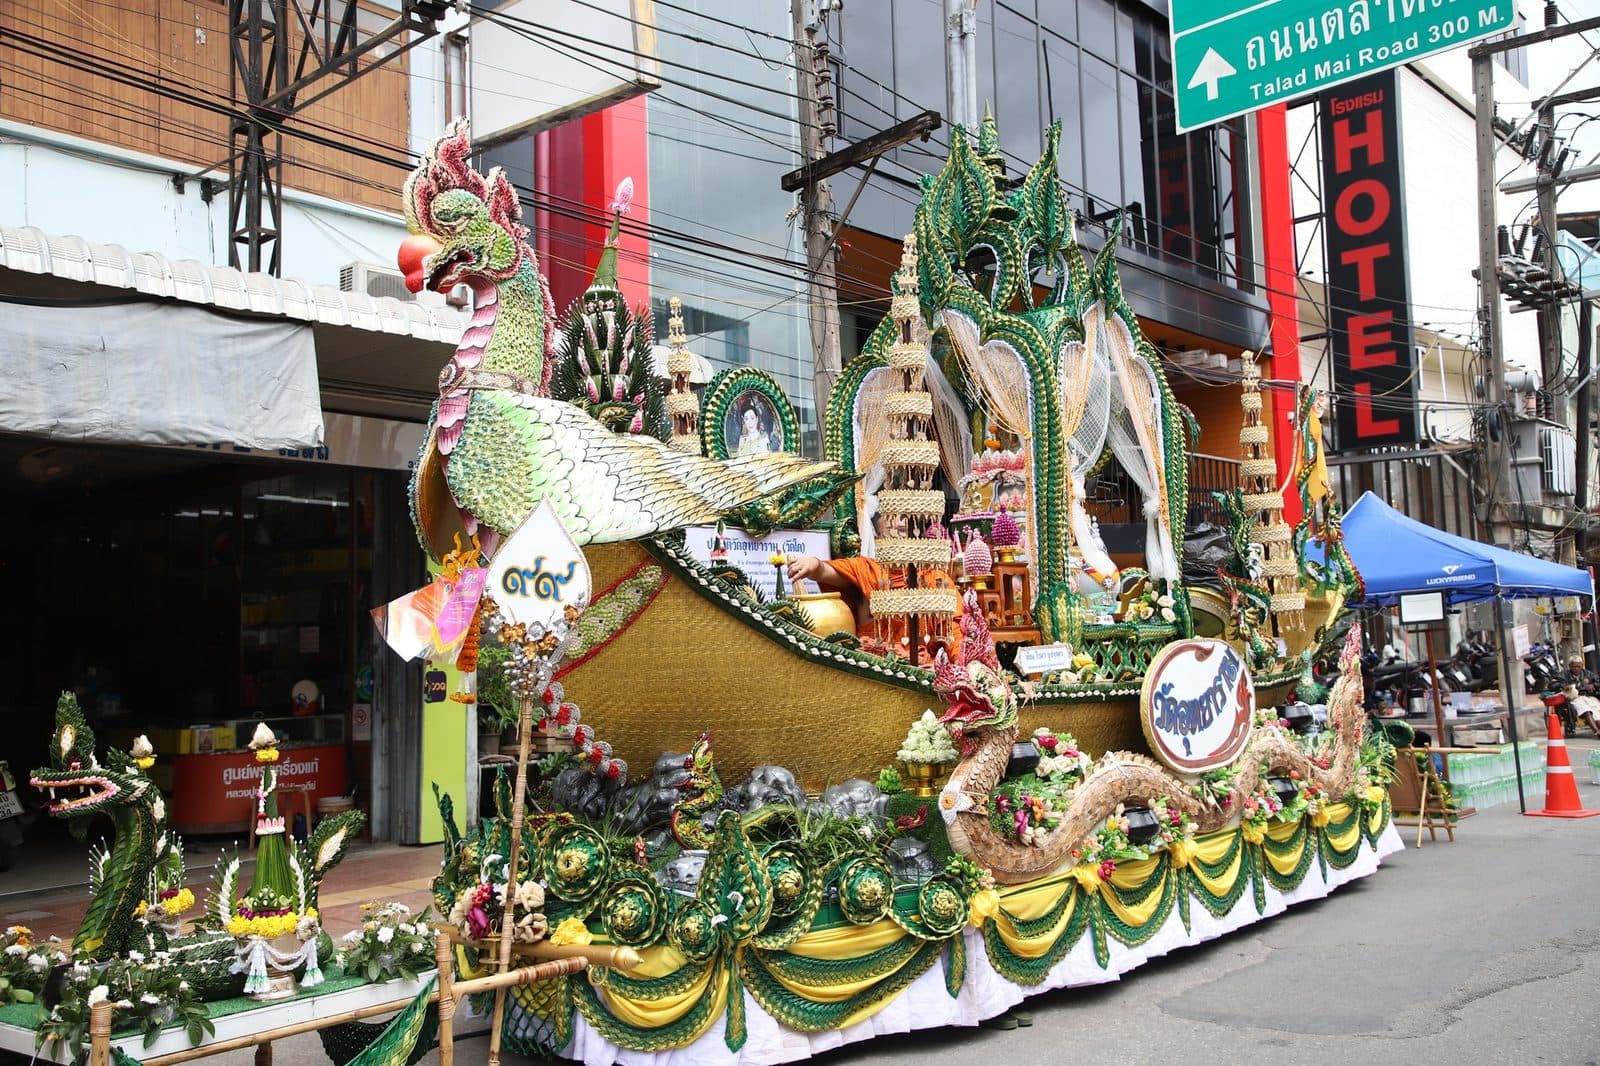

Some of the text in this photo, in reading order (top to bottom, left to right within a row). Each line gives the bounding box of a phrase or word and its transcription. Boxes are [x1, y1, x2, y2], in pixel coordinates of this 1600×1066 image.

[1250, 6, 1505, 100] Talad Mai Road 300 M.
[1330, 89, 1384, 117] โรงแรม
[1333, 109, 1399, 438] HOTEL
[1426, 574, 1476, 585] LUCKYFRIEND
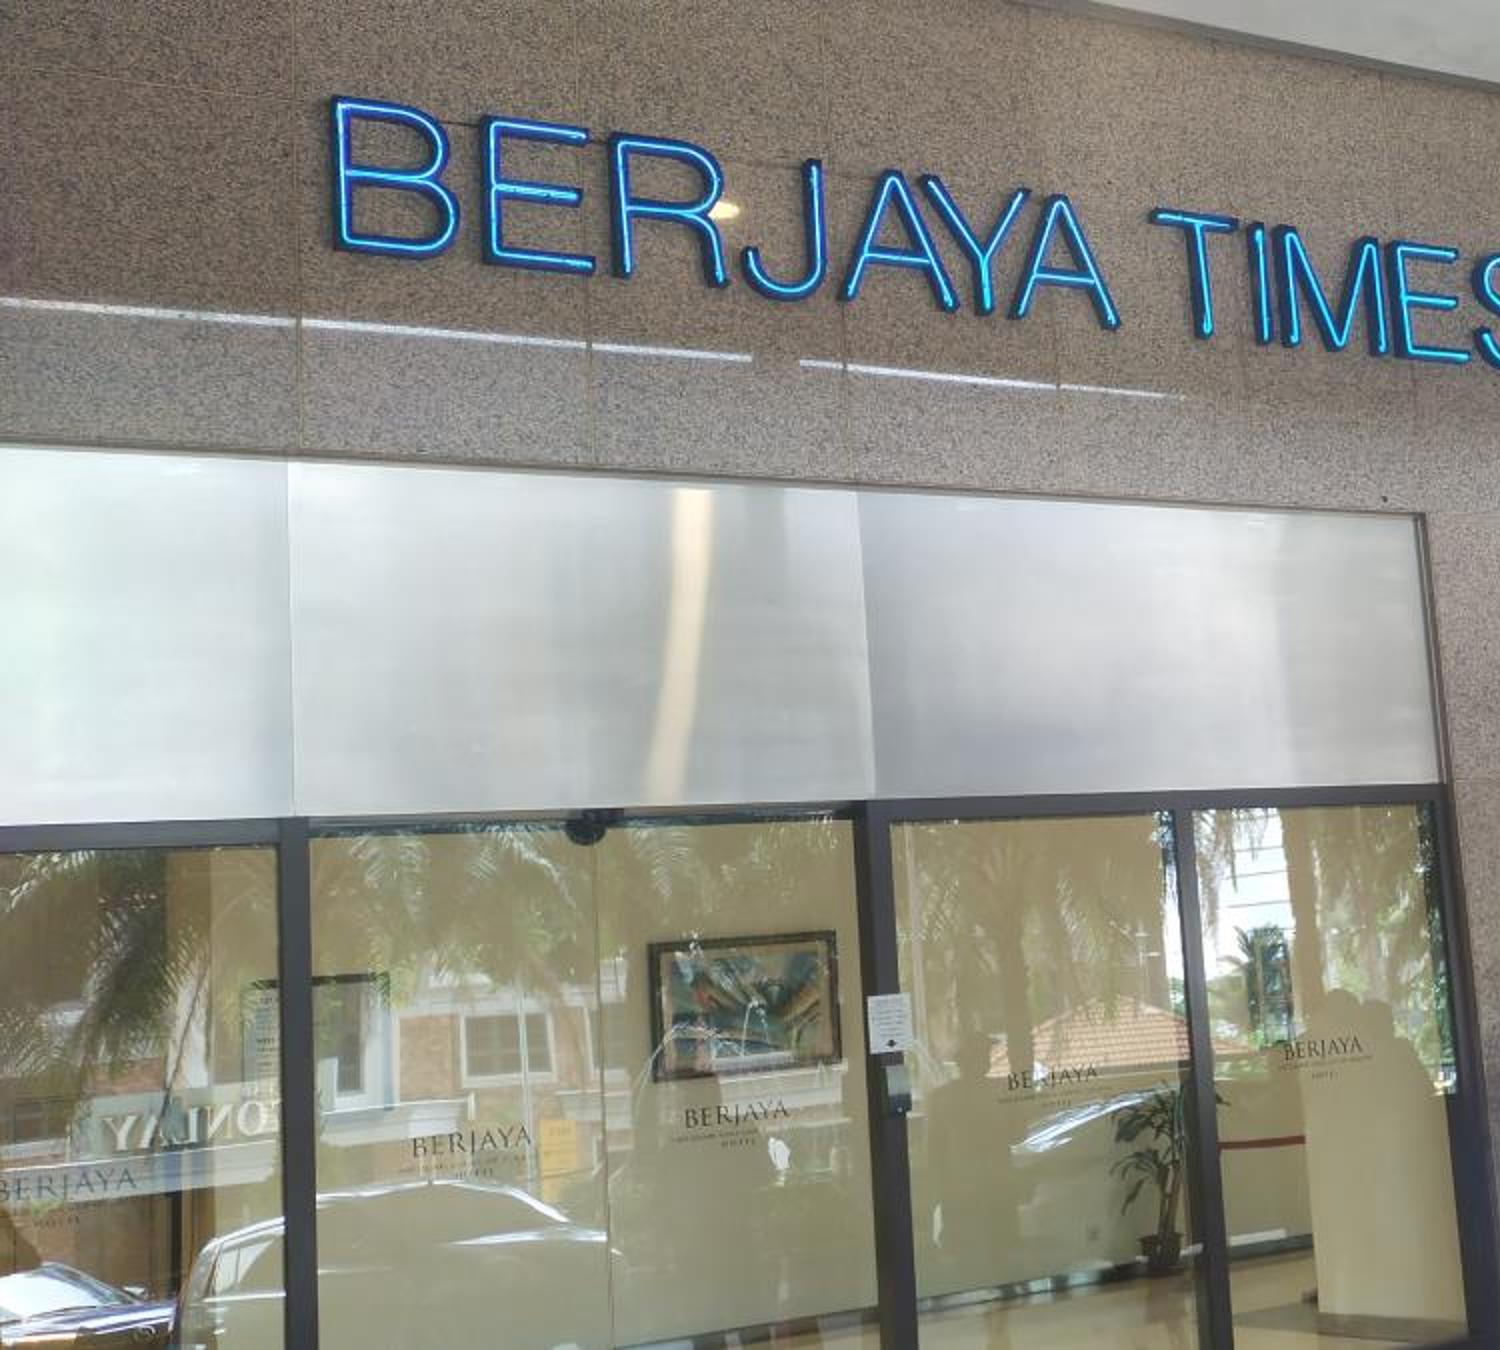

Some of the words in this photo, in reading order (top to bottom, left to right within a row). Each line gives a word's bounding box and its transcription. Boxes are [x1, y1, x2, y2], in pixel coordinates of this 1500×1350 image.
---*---
REQUIREMENT. Could you please return each line of the material exactly, dropping the pictures?

WRITTEN ANSWER.
Some of the text in this photo, in reading order (top to bottom, left to right within a row). Each line gives the bounding box of a phrase or word and its transcription. Boxes are [x1, y1, x2, y2], in pixel coordinates of this 1600×1066 image.

[1250, 6, 1505, 100] Talad Mai Road 300 M.
[1330, 89, 1384, 117] โรงแรม
[1333, 109, 1399, 438] HOTEL
[1426, 574, 1476, 585] LUCKYFRIEND

Some of the words in this photo, in reading order (top to bottom, left to right within a row). Each line gives a word's bounding box and its transcription. Boxes are [x1, y1, x2, y2], in pixel coordinates of this 1500×1350 image.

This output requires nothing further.